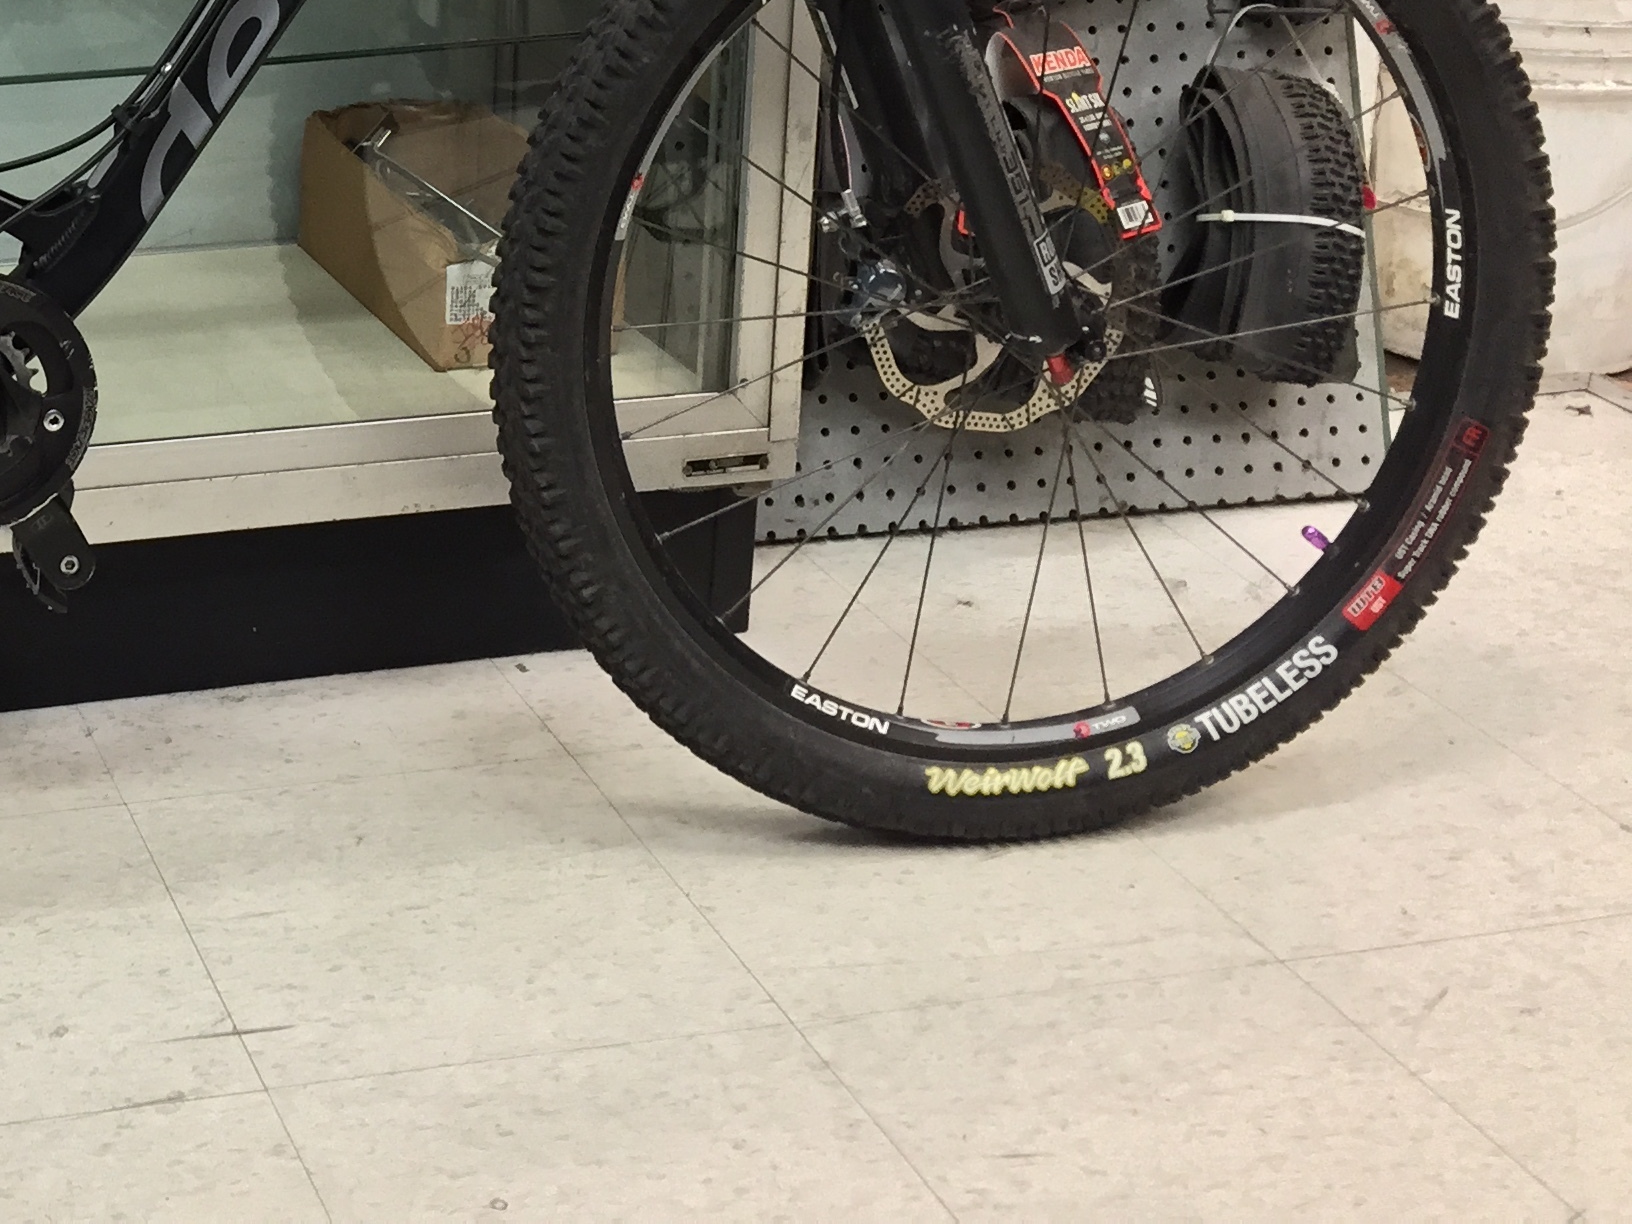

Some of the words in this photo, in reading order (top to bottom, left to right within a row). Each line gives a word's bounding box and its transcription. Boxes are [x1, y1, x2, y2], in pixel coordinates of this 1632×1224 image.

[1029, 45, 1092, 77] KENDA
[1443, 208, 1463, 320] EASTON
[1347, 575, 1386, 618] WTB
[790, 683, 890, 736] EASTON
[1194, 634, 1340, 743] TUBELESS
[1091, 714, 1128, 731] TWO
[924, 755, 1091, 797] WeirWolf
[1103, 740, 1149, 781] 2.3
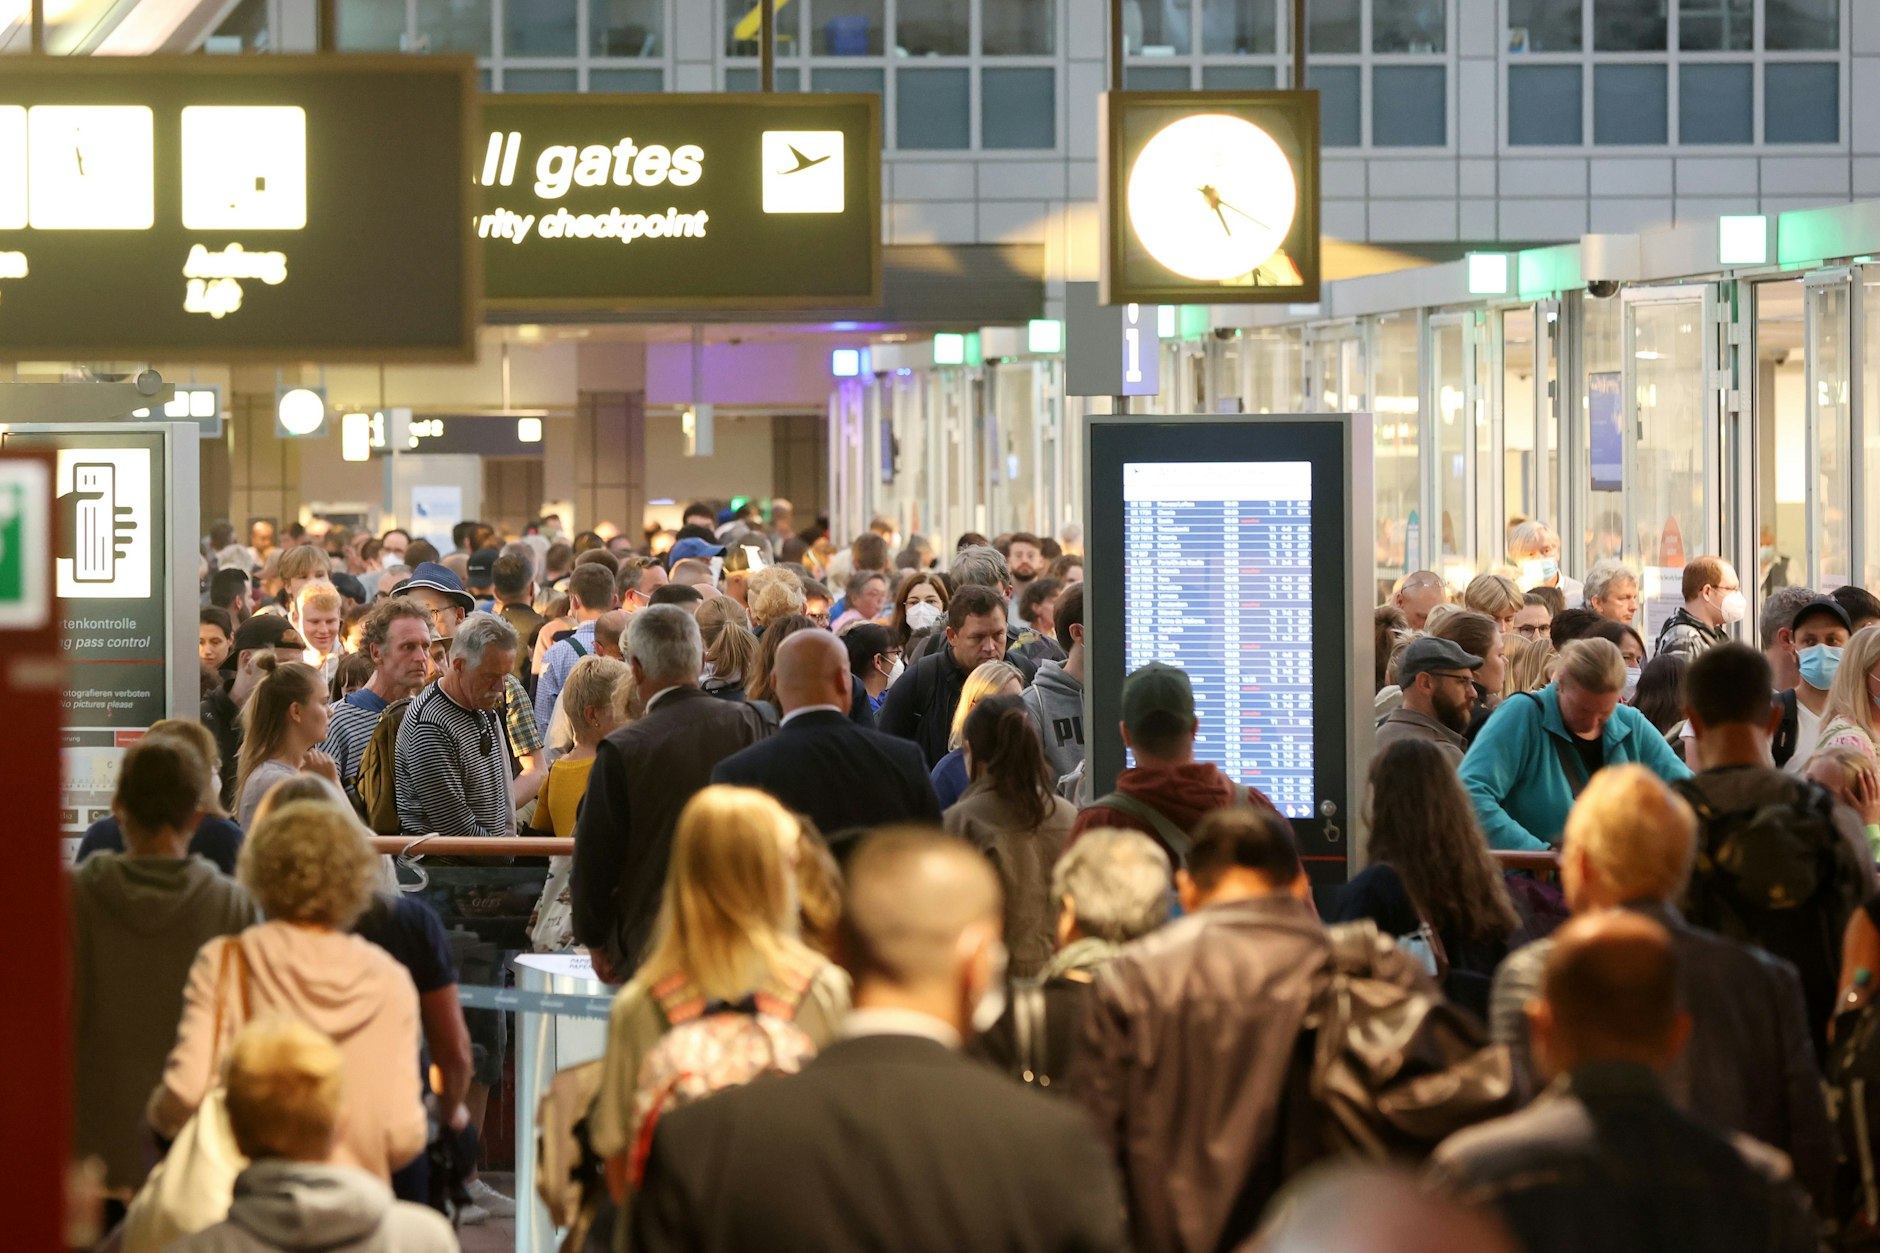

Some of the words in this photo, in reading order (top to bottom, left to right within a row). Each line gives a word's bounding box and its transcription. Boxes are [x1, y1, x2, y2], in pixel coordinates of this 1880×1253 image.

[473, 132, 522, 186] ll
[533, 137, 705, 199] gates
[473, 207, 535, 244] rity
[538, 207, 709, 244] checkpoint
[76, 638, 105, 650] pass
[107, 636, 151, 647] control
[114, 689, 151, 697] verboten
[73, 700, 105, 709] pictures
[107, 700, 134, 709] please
——————————
EXERCISE: Reproduce the records above word for word, without the images.

RESULT FOR THIS EXERCISE:
Some of the words in this photo, in reading order (top to bottom, left to right within a row). Each line gives a word's bounding box and its transcription. Boxes are [x1, y1, x2, y2], in pixel coordinates of this 1632×1224 image.

[1029, 45, 1092, 77] KENDA
[1443, 208, 1463, 320] EASTON
[1347, 575, 1386, 618] WTB
[790, 683, 890, 736] EASTON
[1194, 634, 1340, 743] TUBELESS
[1091, 714, 1128, 731] TWO
[924, 755, 1091, 797] WeirWolf
[1103, 740, 1149, 781] 2.3

Some of the words in this photo, in reading order (top to bottom, left to right within a row). Each line gives a word's bounding box and its transcription. Boxes are [x1, y1, x2, y2], in pixel coordinates of this 1880×1253 image.

[473, 132, 522, 186] ll
[533, 137, 705, 199] gates
[473, 207, 535, 244] rity
[538, 207, 709, 244] checkpoint
[76, 638, 105, 650] pass
[107, 636, 151, 647] control
[114, 689, 151, 697] verboten
[73, 700, 105, 709] pictures
[107, 700, 134, 709] please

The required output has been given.